- _Assignment_: I'd like the records transcribed exactly, leaving the images out.

- _Supplied data_:
--- START ---

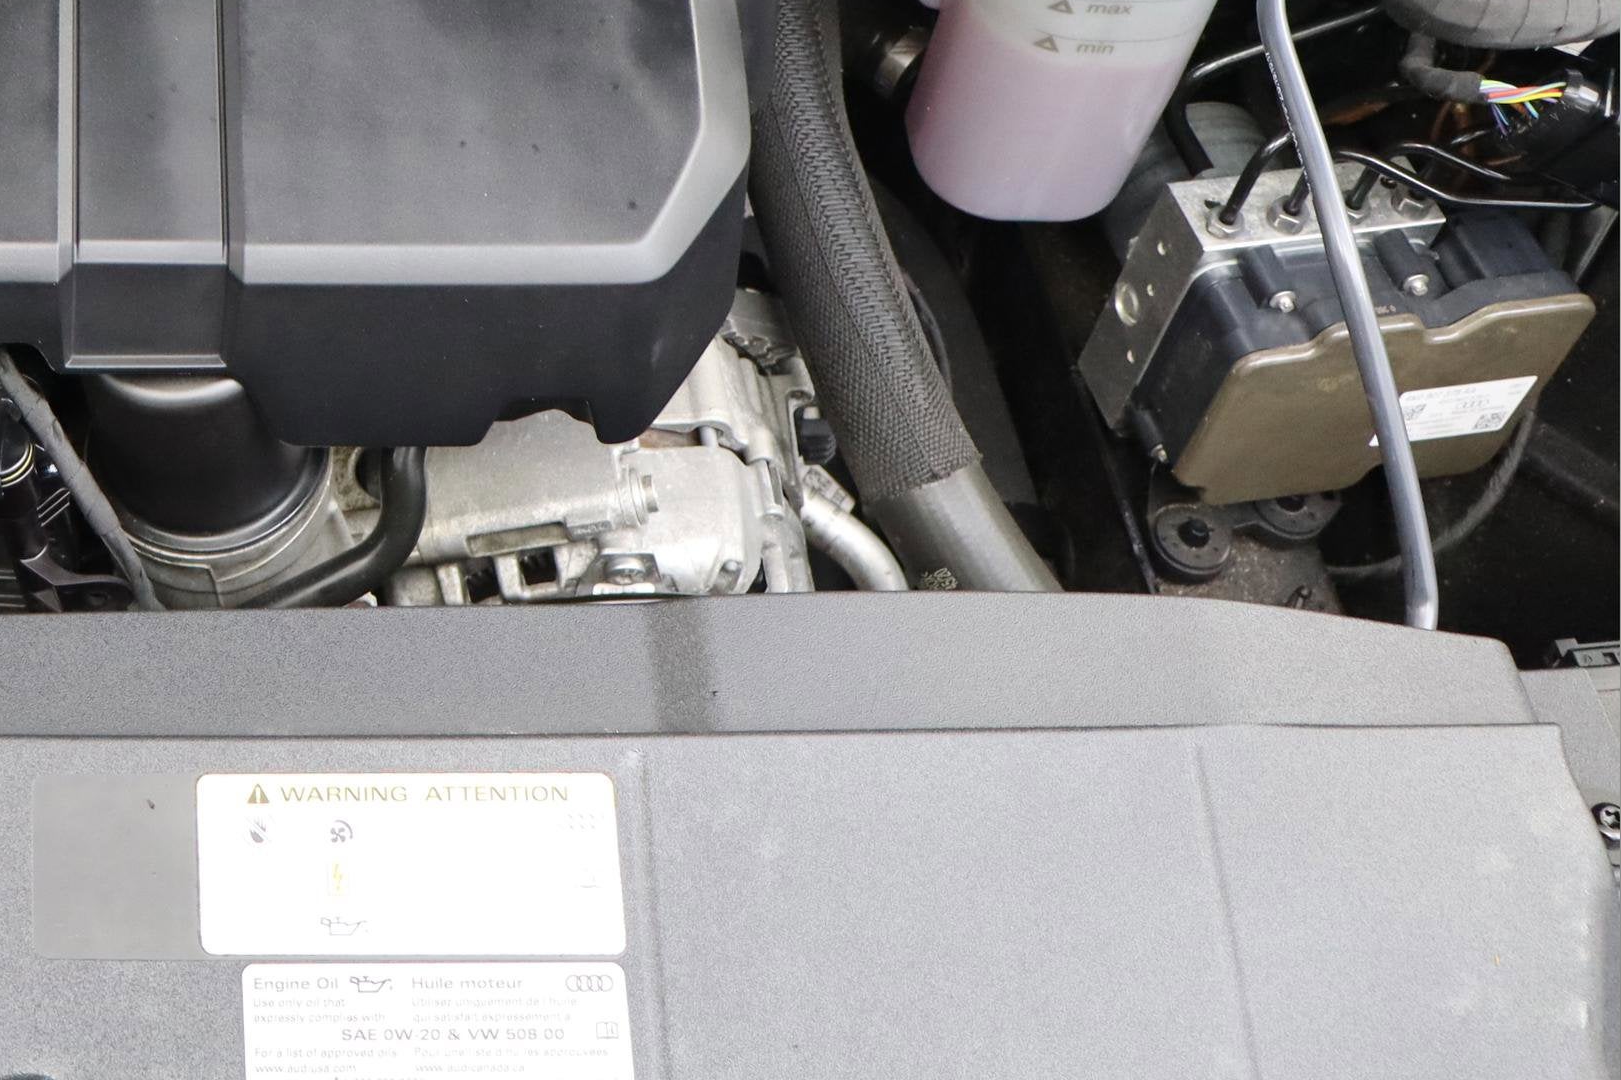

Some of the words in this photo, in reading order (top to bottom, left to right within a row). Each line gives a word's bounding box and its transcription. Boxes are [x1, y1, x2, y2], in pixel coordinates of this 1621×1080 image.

[1085, 3, 1133, 15] max
[1075, 41, 1115, 55] min
[279, 785, 409, 802] WARNING
[424, 785, 570, 802] ATTENTION
[252, 976, 311, 993] Engine
[316, 976, 339, 990] Oil
[411, 976, 454, 990] Huile
[459, 977, 523, 990] moteur
[323, 998, 347, 1008] that
[340, 1028, 378, 1041] SAE
[383, 1028, 441, 1041] 0W-20
[447, 1028, 461, 1041] &
[467, 1028, 500, 1041] VW
[505, 1028, 538, 1041] 508
[543, 1028, 565, 1041] 00
[320, 1047, 374, 1059] approved
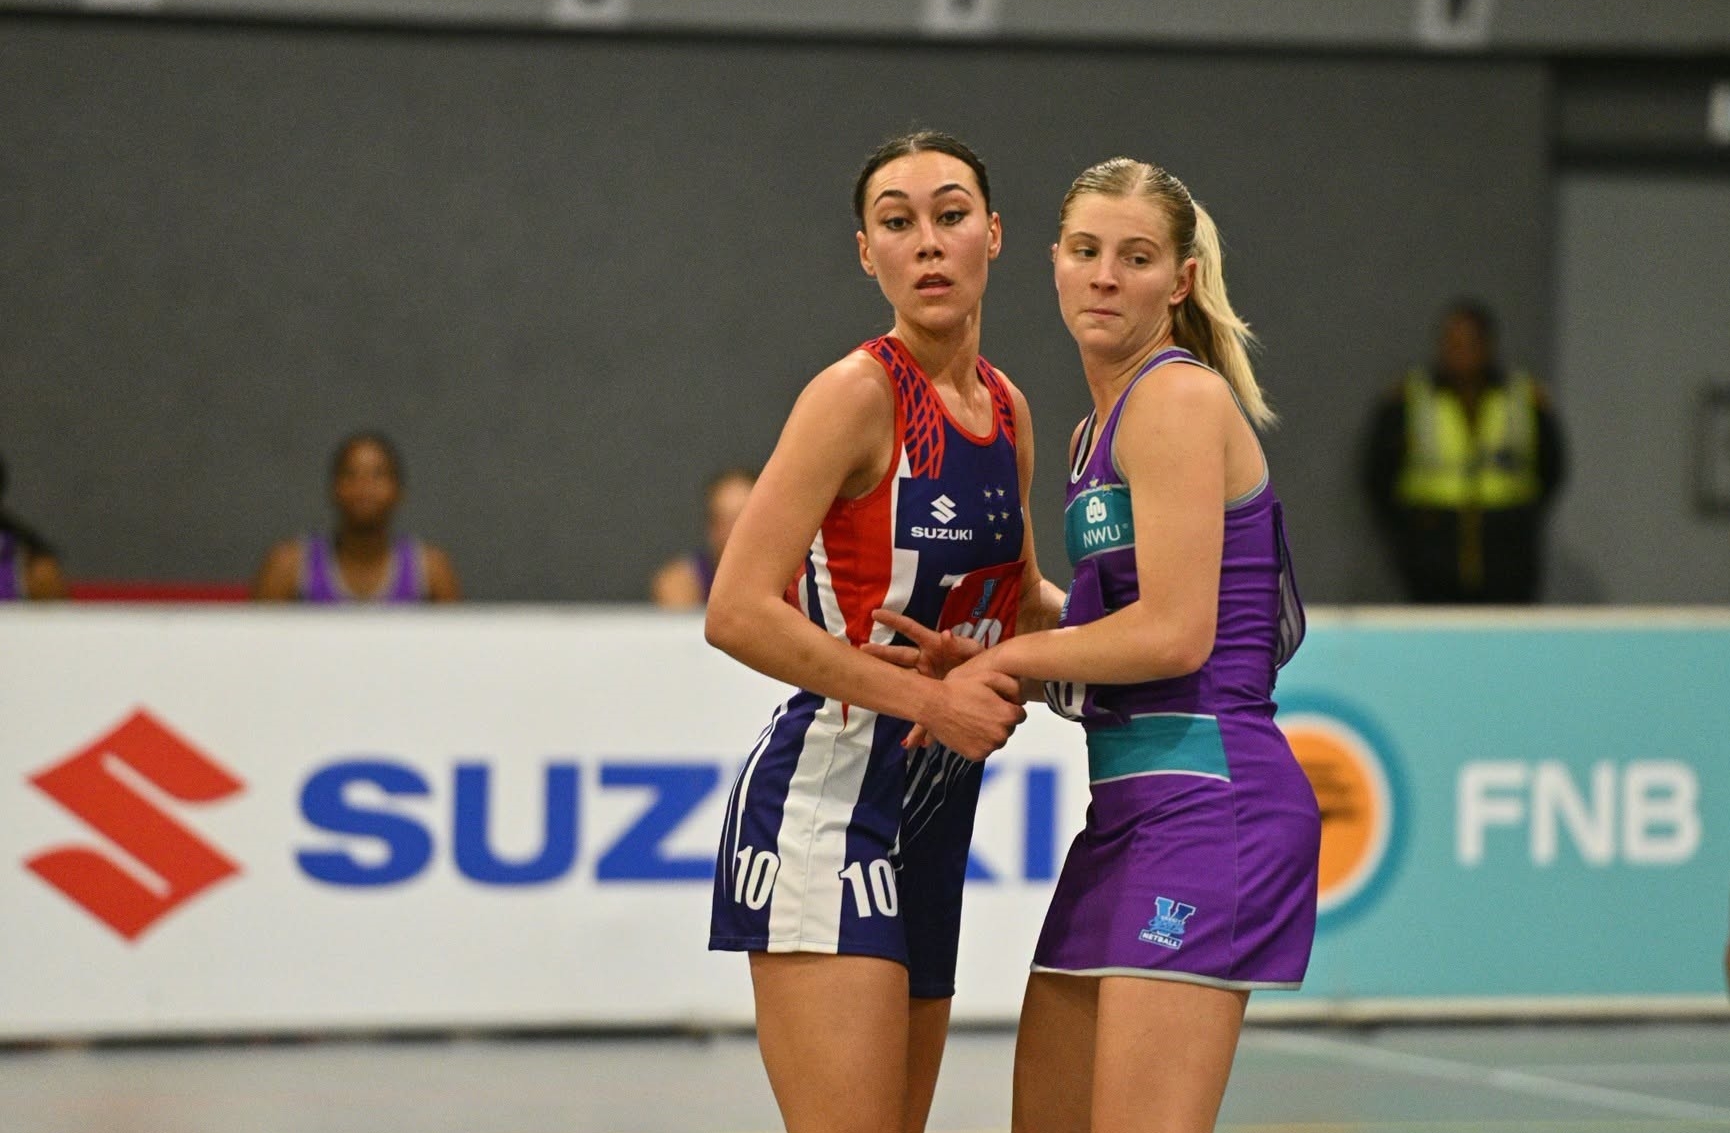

--- END ---

- _Answer to the problem_:
Some of the words in this photo, in reading order (top to bottom, left to right within a row). Each line gives a word's bounding box and its transcription. Boxes are [x1, y1, x2, y2], in pixel coordinates of this 1621×1080 image.

[1085, 3, 1133, 15] max
[1075, 41, 1115, 55] min
[279, 785, 409, 802] WARNING
[424, 785, 570, 802] ATTENTION
[252, 976, 311, 993] Engine
[316, 976, 339, 990] Oil
[411, 976, 454, 990] Huile
[459, 977, 523, 990] moteur
[323, 998, 347, 1008] that
[340, 1028, 378, 1041] SAE
[383, 1028, 441, 1041] 0W-20
[447, 1028, 461, 1041] &
[467, 1028, 500, 1041] VW
[505, 1028, 538, 1041] 508
[543, 1028, 565, 1041] 00
[320, 1047, 374, 1059] approved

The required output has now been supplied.